Il semblerait toutefois que les conséquences de la crise aient poussé certains patients à adopter des changements positifs. Selon Marina Blanchart, « le contexte actuel est propice à déclencher une remise en question. Cette crise est en quelque sorte le déclencheur qui les amène, malgré un passage par un trouble mental plus ou moins important, à mettre en place les éléments nécessaires pour les conduire vers un mieux », assure la psychothérapeute. Si nous ne pouvons changer toutes les situations, nous pouvons choisir la façon dont nous y faisons face. Et c’est peut-être à partir de là que la réflexion doit se faire.
D’après Pierre Oswald, les événements de cette année auront au moins permis un progrès, à poursuivre: « Avant cela, il était très difficile de se parler entre médecin psychiatre et médecin non-psychiatre. Mais ici, dans notre établissement, nous avons été obligés de travailler ensemble et cela a porté ses fruits. Si on peut aussi tirer la leçon qu’une médecine davantage intégrative et pluridisciplinaire permet vraiment d’améliorer le pronostic des gens, alors cette crise sanitaire aura servi à quelque chose », conclut-il.
Les troubles anxieux
Ils regroupent divers troubles en lien avec une anxiété excessive et difficile à gérer, qui se manifestent de façon variable. Il peut s’agir d’attaques ou de crises de panique aiguës, de phobies… Ils font partie des troubles mentaux les plus fréquents. L’isolement social, la crainte de la contagion et la perte de revenus ont considérablement aggravé l’anxiété des Belges en général.
Le trouble dépressif
Touchant près d’une personne sur quatre, il est caractérisé par une tristesse et une angoisse quasi permanentes, une perte de plaisir et d’estime de soi, des idées suicidaires, une grande fatigue et des troubles du sommeil.
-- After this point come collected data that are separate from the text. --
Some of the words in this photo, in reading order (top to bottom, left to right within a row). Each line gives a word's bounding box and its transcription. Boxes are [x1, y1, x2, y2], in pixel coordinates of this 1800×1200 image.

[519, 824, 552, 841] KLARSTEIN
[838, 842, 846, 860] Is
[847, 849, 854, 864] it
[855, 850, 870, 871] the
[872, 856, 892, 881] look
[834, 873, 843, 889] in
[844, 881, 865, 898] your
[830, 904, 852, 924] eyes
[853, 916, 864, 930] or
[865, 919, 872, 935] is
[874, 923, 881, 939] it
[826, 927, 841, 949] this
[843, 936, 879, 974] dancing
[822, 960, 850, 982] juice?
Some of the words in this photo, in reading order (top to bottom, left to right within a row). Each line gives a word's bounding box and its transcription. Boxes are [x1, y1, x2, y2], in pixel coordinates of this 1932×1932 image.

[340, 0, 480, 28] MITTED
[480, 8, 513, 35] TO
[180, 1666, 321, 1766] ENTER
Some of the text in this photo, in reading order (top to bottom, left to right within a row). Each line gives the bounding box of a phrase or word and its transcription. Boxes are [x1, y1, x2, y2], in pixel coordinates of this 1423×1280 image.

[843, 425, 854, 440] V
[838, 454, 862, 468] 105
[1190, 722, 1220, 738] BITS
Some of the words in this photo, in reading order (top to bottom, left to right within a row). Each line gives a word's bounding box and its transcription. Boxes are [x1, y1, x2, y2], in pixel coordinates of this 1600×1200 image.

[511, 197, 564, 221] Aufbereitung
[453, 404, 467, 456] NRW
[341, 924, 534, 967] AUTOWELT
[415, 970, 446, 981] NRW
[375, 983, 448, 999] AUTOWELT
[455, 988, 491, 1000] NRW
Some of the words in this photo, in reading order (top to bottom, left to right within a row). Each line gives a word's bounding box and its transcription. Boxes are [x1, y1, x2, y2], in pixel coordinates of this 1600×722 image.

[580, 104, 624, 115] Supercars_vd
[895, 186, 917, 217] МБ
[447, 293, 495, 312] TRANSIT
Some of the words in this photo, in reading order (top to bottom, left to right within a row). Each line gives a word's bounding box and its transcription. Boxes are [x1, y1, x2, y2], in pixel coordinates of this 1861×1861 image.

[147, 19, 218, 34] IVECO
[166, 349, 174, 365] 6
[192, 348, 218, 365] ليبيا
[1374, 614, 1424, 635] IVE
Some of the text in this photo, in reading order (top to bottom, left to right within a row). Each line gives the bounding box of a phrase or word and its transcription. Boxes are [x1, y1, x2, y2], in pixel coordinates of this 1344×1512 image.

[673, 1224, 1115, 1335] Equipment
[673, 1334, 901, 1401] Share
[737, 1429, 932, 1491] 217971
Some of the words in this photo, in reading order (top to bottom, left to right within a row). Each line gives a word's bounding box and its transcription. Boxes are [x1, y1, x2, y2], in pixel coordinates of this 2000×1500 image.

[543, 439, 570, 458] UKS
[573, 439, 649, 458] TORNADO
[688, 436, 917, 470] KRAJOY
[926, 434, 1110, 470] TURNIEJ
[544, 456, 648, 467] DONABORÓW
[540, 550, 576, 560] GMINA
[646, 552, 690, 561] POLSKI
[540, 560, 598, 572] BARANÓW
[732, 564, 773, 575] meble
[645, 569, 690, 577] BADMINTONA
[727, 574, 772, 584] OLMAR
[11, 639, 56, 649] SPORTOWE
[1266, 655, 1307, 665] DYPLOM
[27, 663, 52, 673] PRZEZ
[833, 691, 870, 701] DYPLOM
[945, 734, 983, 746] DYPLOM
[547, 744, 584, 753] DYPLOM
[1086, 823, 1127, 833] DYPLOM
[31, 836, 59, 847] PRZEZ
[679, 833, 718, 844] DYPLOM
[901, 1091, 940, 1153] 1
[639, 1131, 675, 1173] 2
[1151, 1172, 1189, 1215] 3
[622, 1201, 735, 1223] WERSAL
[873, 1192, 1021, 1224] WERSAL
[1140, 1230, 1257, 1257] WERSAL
Les troubles obsessionnels compulsifs
Les personnes qui en souffrent sont confrontées à des pensées préoccupantes qui reviennent sans cesse. Pour les chasser, elles sont contraintes de se livrer à des rituels particuliers. Parmi les TOC les plus répandus figure la crainte des germes et de la saleté. La crise sanitaire n’a fait qu’exacerber les compulsions des personnes déjà touchées.
Les troubles addictifs
Les troubles addictifs sont liés à la consommation de substances entraînant une dépendance, telles que l’alcool, le tabac ou les drogues. Ces substances modifient notre fonctionnement mental. Elles sollicitent de manière excessive le circuit de récompense dans notre cerveau, celui qui produit la sensation de plaisir.